(Supplied material)
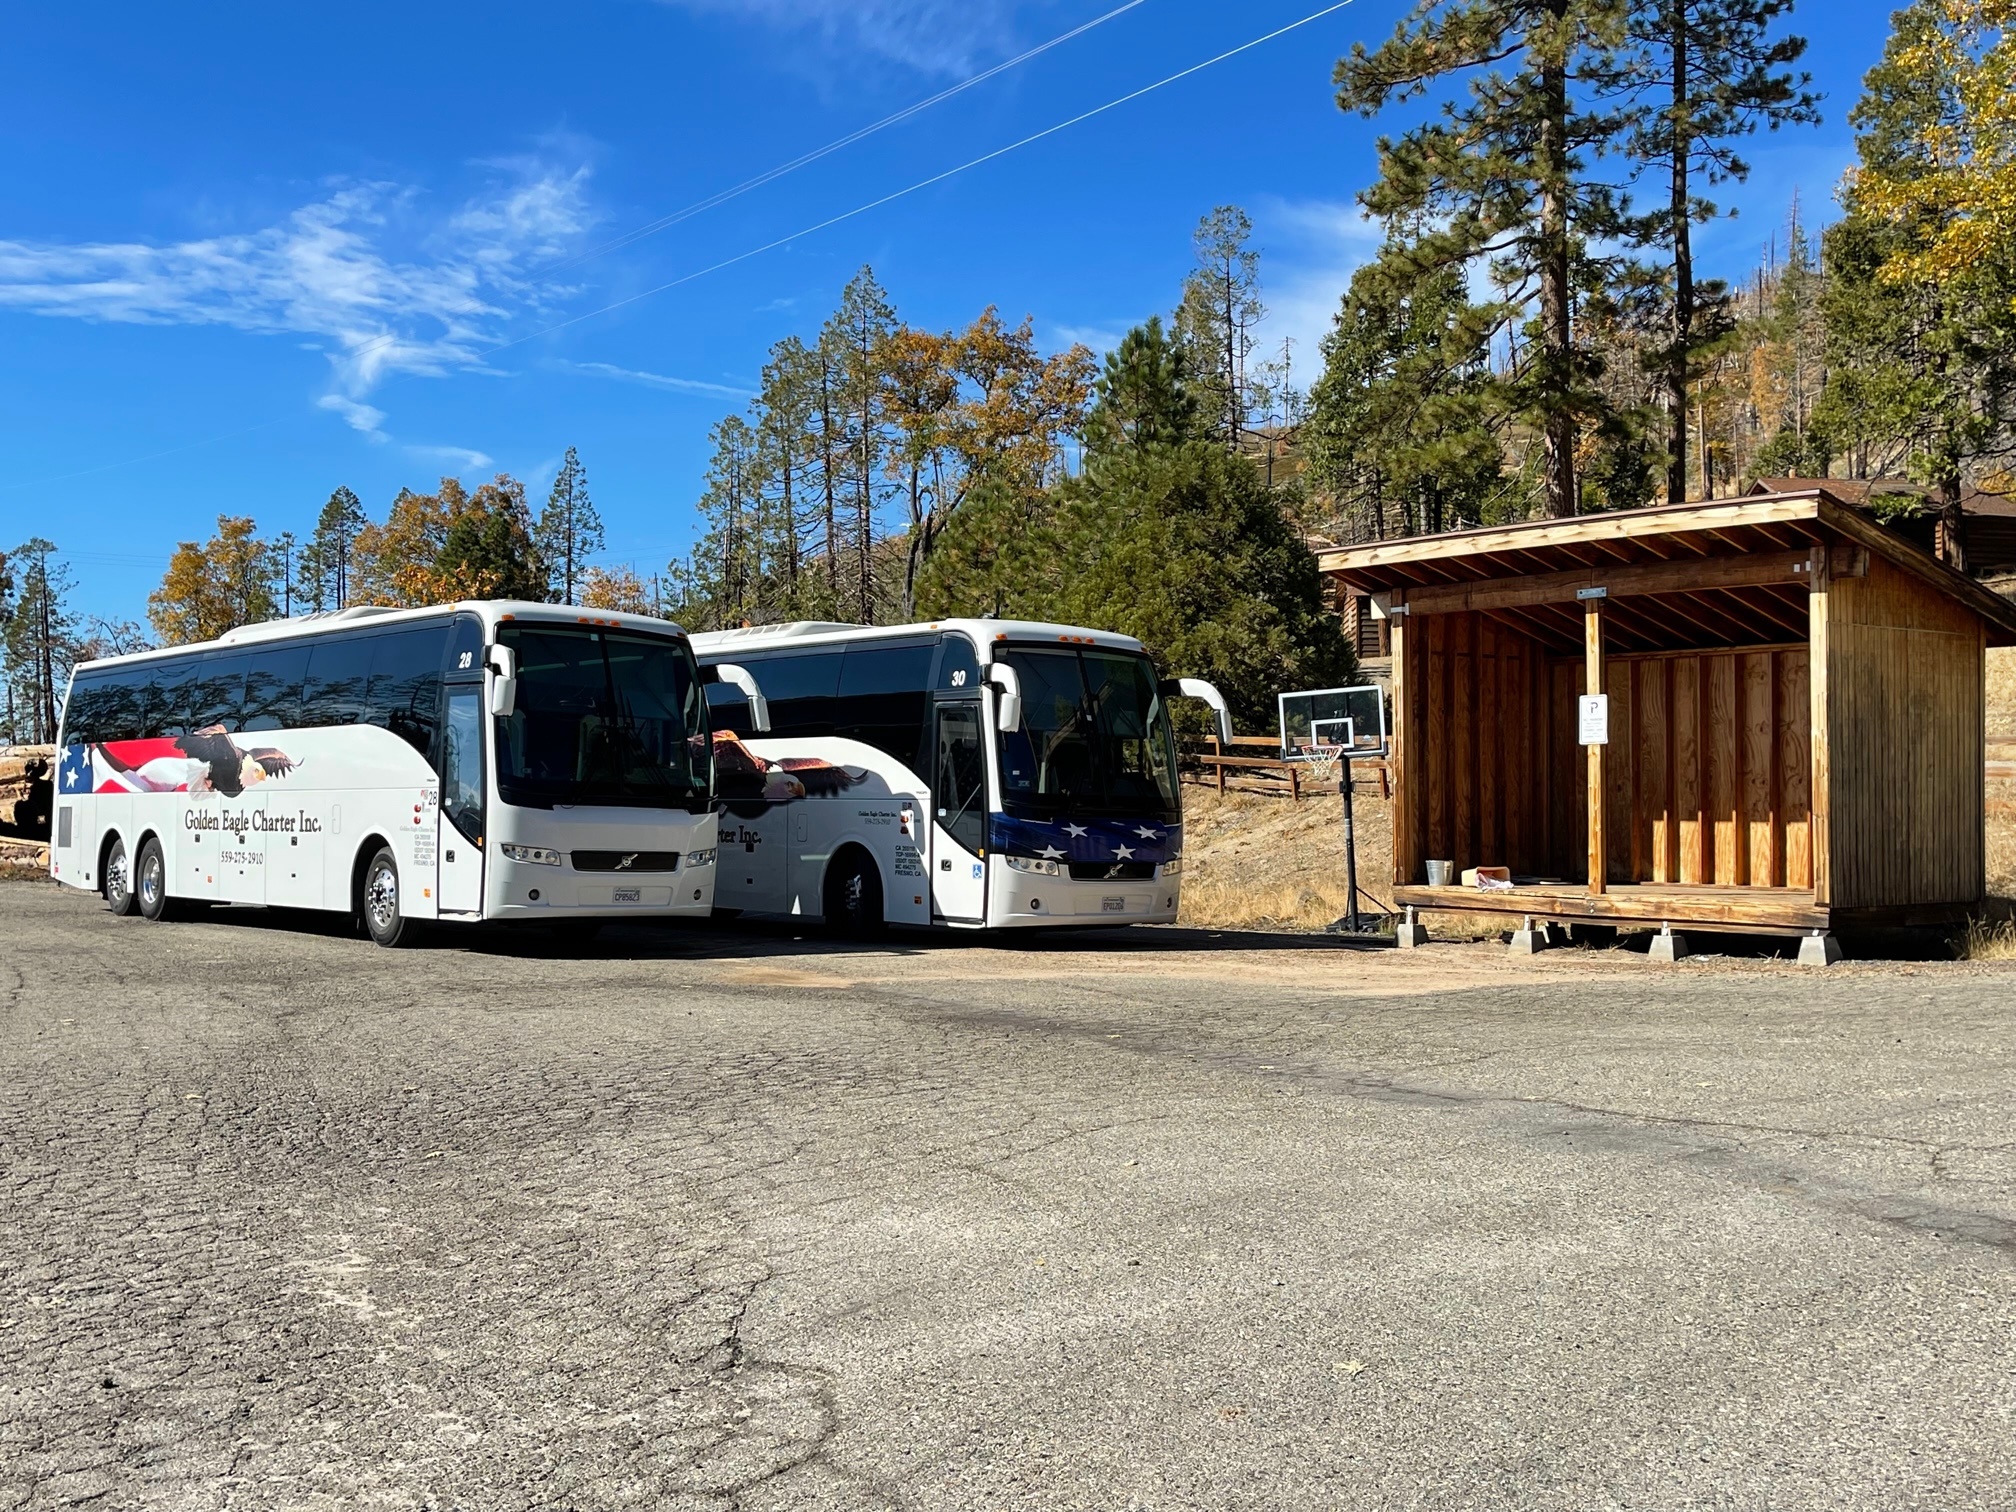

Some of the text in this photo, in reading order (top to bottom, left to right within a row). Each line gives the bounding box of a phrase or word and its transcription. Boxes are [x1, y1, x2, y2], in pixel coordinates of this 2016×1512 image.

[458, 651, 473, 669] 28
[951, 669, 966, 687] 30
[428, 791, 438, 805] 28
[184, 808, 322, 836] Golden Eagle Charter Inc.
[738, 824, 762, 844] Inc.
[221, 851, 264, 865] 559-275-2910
(End Supplied material)
Your goal = Repeat the data exactly, without the pictures.

Solution for this problem =
Some of the text in this photo, in reading order (top to bottom, left to right within a row). Each line gives the bounding box of a phrase or word and its transcription. Boxes are [x1, y1, x2, y2], in pixel coordinates of this 2016×1512 image.

[458, 651, 473, 669] 28
[951, 669, 966, 687] 30
[428, 791, 438, 805] 28
[184, 808, 322, 836] Golden Eagle Charter Inc.
[738, 824, 762, 844] Inc.
[221, 851, 264, 865] 559-275-2910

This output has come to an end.